RECORDS SUPPLIED:
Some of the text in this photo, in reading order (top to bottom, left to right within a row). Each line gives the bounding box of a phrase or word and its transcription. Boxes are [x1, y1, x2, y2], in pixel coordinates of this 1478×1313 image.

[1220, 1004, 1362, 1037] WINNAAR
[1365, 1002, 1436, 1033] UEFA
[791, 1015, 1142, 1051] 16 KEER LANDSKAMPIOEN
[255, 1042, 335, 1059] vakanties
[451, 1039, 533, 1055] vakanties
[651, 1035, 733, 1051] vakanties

YOUR TASK: Please give each line above again, word for word.

RESPONSE TO THE TASK:
Some of the text in this photo, in reading order (top to bottom, left to right within a row). Each line gives the bounding box of a phrase or word and its transcription. Boxes are [x1, y1, x2, y2], in pixel coordinates of this 1478×1313 image.

[1220, 1004, 1362, 1037] WINNAAR
[1365, 1002, 1436, 1033] UEFA
[791, 1015, 1142, 1051] 16 KEER LANDSKAMPIOEN
[255, 1042, 335, 1059] vakanties
[451, 1039, 533, 1055] vakanties
[651, 1035, 733, 1051] vakanties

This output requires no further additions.